──────── Data records

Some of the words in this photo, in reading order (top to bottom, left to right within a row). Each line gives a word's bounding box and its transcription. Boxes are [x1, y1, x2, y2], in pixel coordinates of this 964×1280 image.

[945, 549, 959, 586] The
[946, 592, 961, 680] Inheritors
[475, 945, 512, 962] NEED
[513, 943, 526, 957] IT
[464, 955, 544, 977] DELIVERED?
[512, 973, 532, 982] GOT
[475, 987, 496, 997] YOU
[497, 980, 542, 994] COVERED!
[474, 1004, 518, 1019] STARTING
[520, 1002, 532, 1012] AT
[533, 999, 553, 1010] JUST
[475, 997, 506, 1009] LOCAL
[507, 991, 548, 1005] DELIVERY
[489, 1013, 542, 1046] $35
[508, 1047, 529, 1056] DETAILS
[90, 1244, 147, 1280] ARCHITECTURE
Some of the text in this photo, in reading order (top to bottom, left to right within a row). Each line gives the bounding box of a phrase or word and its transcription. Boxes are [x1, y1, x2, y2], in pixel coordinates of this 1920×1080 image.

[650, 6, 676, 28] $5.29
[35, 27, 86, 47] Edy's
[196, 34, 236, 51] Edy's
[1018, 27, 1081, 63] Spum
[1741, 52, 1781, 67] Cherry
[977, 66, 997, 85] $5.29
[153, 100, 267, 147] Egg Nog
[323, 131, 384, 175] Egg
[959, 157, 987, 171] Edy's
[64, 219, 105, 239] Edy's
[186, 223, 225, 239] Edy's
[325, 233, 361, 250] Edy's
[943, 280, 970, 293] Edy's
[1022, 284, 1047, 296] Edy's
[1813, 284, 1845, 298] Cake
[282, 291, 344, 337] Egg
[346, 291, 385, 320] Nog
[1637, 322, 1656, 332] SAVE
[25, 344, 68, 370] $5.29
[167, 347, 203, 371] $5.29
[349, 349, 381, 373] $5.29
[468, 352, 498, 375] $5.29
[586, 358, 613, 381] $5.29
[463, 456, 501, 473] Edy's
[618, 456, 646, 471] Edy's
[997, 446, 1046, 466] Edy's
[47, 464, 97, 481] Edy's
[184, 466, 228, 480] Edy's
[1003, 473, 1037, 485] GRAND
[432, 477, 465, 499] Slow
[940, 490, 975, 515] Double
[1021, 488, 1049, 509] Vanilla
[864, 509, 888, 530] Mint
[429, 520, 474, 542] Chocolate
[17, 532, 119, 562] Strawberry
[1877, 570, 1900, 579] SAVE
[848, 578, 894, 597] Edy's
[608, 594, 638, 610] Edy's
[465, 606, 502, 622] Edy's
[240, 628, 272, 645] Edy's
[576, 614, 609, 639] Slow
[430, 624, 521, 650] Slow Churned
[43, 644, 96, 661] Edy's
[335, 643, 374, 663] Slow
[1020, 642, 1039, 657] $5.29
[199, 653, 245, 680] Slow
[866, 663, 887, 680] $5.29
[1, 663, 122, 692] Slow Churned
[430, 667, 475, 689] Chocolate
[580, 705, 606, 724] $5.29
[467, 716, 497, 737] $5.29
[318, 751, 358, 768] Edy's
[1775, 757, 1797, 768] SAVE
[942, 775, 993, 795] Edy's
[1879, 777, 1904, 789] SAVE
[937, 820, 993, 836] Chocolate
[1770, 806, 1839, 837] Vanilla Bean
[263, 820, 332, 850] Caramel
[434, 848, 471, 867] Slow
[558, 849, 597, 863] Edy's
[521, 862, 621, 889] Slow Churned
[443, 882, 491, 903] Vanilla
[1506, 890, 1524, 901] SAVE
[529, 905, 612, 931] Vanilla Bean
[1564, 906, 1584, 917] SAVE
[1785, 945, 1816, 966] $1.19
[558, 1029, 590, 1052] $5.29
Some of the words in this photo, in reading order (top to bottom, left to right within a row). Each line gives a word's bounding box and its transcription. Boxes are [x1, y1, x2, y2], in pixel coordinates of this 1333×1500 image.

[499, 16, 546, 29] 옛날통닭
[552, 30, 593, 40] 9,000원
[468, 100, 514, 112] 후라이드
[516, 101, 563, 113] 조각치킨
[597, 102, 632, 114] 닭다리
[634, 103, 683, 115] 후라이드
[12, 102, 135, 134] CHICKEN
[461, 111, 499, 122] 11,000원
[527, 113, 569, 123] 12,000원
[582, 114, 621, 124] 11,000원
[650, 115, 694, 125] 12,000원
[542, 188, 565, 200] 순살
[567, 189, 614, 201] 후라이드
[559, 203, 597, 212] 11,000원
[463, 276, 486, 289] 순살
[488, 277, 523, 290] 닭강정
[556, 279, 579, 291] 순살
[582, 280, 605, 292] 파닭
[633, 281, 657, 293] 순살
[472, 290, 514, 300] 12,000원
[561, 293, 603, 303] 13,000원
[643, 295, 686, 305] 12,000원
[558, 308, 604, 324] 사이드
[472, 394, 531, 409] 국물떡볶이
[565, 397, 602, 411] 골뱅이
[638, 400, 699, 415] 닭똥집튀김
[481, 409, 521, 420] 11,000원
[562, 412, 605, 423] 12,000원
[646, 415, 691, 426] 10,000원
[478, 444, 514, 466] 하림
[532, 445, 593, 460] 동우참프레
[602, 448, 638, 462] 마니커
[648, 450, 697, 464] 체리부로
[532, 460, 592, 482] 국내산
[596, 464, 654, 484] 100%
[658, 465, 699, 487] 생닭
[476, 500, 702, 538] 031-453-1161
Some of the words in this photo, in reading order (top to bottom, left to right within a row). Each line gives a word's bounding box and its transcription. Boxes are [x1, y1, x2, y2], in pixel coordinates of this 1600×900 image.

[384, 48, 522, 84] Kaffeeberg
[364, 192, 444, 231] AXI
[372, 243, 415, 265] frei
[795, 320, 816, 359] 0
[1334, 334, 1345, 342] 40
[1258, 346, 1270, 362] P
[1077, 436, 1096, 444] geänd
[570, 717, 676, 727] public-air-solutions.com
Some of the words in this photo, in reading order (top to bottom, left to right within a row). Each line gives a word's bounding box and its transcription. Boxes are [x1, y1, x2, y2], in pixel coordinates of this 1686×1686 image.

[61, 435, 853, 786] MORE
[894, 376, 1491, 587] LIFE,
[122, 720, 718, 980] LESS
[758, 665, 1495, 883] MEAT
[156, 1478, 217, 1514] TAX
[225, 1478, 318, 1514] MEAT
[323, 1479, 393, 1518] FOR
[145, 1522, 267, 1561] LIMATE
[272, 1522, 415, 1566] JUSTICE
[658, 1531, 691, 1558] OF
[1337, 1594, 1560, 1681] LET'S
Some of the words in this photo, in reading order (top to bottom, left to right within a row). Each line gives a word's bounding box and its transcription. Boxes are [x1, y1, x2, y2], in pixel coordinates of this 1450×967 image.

────────────────

Task details:
Would you return the full set of entries, unchanged in every detail?

Answer area:
Some of the words in this photo, in reading order (top to bottom, left to right within a row). Each line gives a word's bounding box and its transcription. Boxes are [x1, y1, x2, y2], in pixel coordinates of this 964×1280 image.

[945, 549, 959, 586] The
[946, 592, 961, 680] Inheritors
[475, 945, 512, 962] NEED
[513, 943, 526, 957] IT
[464, 955, 544, 977] DELIVERED?
[512, 973, 532, 982] GOT
[475, 987, 496, 997] YOU
[497, 980, 542, 994] COVERED!
[474, 1004, 518, 1019] STARTING
[520, 1002, 532, 1012] AT
[533, 999, 553, 1010] JUST
[475, 997, 506, 1009] LOCAL
[507, 991, 548, 1005] DELIVERY
[489, 1013, 542, 1046] $35
[508, 1047, 529, 1056] DETAILS
[90, 1244, 147, 1280] ARCHITECTURE
Some of the text in this photo, in reading order (top to bottom, left to right within a row). Each line gives the bounding box of a phrase or word and its transcription. Boxes are [x1, y1, x2, y2], in pixel coordinates of this 1920×1080 image.

[650, 6, 676, 28] $5.29
[35, 27, 86, 47] Edy's
[196, 34, 236, 51] Edy's
[1018, 27, 1081, 63] Spum
[1741, 52, 1781, 67] Cherry
[977, 66, 997, 85] $5.29
[153, 100, 267, 147] Egg Nog
[323, 131, 384, 175] Egg
[959, 157, 987, 171] Edy's
[64, 219, 105, 239] Edy's
[186, 223, 225, 239] Edy's
[325, 233, 361, 250] Edy's
[943, 280, 970, 293] Edy's
[1022, 284, 1047, 296] Edy's
[1813, 284, 1845, 298] Cake
[282, 291, 344, 337] Egg
[346, 291, 385, 320] Nog
[1637, 322, 1656, 332] SAVE
[25, 344, 68, 370] $5.29
[167, 347, 203, 371] $5.29
[349, 349, 381, 373] $5.29
[468, 352, 498, 375] $5.29
[586, 358, 613, 381] $5.29
[463, 456, 501, 473] Edy's
[618, 456, 646, 471] Edy's
[997, 446, 1046, 466] Edy's
[47, 464, 97, 481] Edy's
[184, 466, 228, 480] Edy's
[1003, 473, 1037, 485] GRAND
[432, 477, 465, 499] Slow
[940, 490, 975, 515] Double
[1021, 488, 1049, 509] Vanilla
[864, 509, 888, 530] Mint
[429, 520, 474, 542] Chocolate
[17, 532, 119, 562] Strawberry
[1877, 570, 1900, 579] SAVE
[848, 578, 894, 597] Edy's
[608, 594, 638, 610] Edy's
[465, 606, 502, 622] Edy's
[240, 628, 272, 645] Edy's
[576, 614, 609, 639] Slow
[430, 624, 521, 650] Slow Churned
[43, 644, 96, 661] Edy's
[335, 643, 374, 663] Slow
[1020, 642, 1039, 657] $5.29
[199, 653, 245, 680] Slow
[866, 663, 887, 680] $5.29
[1, 663, 122, 692] Slow Churned
[430, 667, 475, 689] Chocolate
[580, 705, 606, 724] $5.29
[467, 716, 497, 737] $5.29
[318, 751, 358, 768] Edy's
[1775, 757, 1797, 768] SAVE
[942, 775, 993, 795] Edy's
[1879, 777, 1904, 789] SAVE
[937, 820, 993, 836] Chocolate
[1770, 806, 1839, 837] Vanilla Bean
[263, 820, 332, 850] Caramel
[434, 848, 471, 867] Slow
[558, 849, 597, 863] Edy's
[521, 862, 621, 889] Slow Churned
[443, 882, 491, 903] Vanilla
[1506, 890, 1524, 901] SAVE
[529, 905, 612, 931] Vanilla Bean
[1564, 906, 1584, 917] SAVE
[1785, 945, 1816, 966] $1.19
[558, 1029, 590, 1052] $5.29
Some of the words in this photo, in reading order (top to bottom, left to right within a row). Each line gives a word's bounding box and its transcription. Boxes are [x1, y1, x2, y2], in pixel coordinates of this 1333×1500 image.

[499, 16, 546, 29] 옛날통닭
[552, 30, 593, 40] 9,000원
[468, 100, 514, 112] 후라이드
[516, 101, 563, 113] 조각치킨
[597, 102, 632, 114] 닭다리
[634, 103, 683, 115] 후라이드
[12, 102, 135, 134] CHICKEN
[461, 111, 499, 122] 11,000원
[527, 113, 569, 123] 12,000원
[582, 114, 621, 124] 11,000원
[650, 115, 694, 125] 12,000원
[542, 188, 565, 200] 순살
[567, 189, 614, 201] 후라이드
[559, 203, 597, 212] 11,000원
[463, 276, 486, 289] 순살
[488, 277, 523, 290] 닭강정
[556, 279, 579, 291] 순살
[582, 280, 605, 292] 파닭
[633, 281, 657, 293] 순살
[472, 290, 514, 300] 12,000원
[561, 293, 603, 303] 13,000원
[643, 295, 686, 305] 12,000원
[558, 308, 604, 324] 사이드
[472, 394, 531, 409] 국물떡볶이
[565, 397, 602, 411] 골뱅이
[638, 400, 699, 415] 닭똥집튀김
[481, 409, 521, 420] 11,000원
[562, 412, 605, 423] 12,000원
[646, 415, 691, 426] 10,000원
[478, 444, 514, 466] 하림
[532, 445, 593, 460] 동우참프레
[602, 448, 638, 462] 마니커
[648, 450, 697, 464] 체리부로
[532, 460, 592, 482] 국내산
[596, 464, 654, 484] 100%
[658, 465, 699, 487] 생닭
[476, 500, 702, 538] 031-453-1161
Some of the words in this photo, in reading order (top to bottom, left to right within a row). Each line gives a word's bounding box and its transcription. Boxes are [x1, y1, x2, y2], in pixel coordinates of this 1600×900 image.

[384, 48, 522, 84] Kaffeeberg
[364, 192, 444, 231] AXI
[372, 243, 415, 265] frei
[795, 320, 816, 359] 0
[1334, 334, 1345, 342] 40
[1258, 346, 1270, 362] P
[1077, 436, 1096, 444] geänd
[570, 717, 676, 727] public-air-solutions.com
Some of the words in this photo, in reading order (top to bottom, left to right within a row). Each line gives a word's bounding box and its transcription. Boxes are [x1, y1, x2, y2], in pixel coordinates of this 1686×1686 image.

[61, 435, 853, 786] MORE
[894, 376, 1491, 587] LIFE,
[122, 720, 718, 980] LESS
[758, 665, 1495, 883] MEAT
[156, 1478, 217, 1514] TAX
[225, 1478, 318, 1514] MEAT
[323, 1479, 393, 1518] FOR
[145, 1522, 267, 1561] LIMATE
[272, 1522, 415, 1566] JUSTICE
[658, 1531, 691, 1558] OF
[1337, 1594, 1560, 1681] LET'S
Some of the words in this photo, in reading order (top to bottom, left to right within a row). Each line gives a word's bounding box and its transcription. Boxes are [x1, y1, x2, y2], in pixel coordinates of this 1450×967 image.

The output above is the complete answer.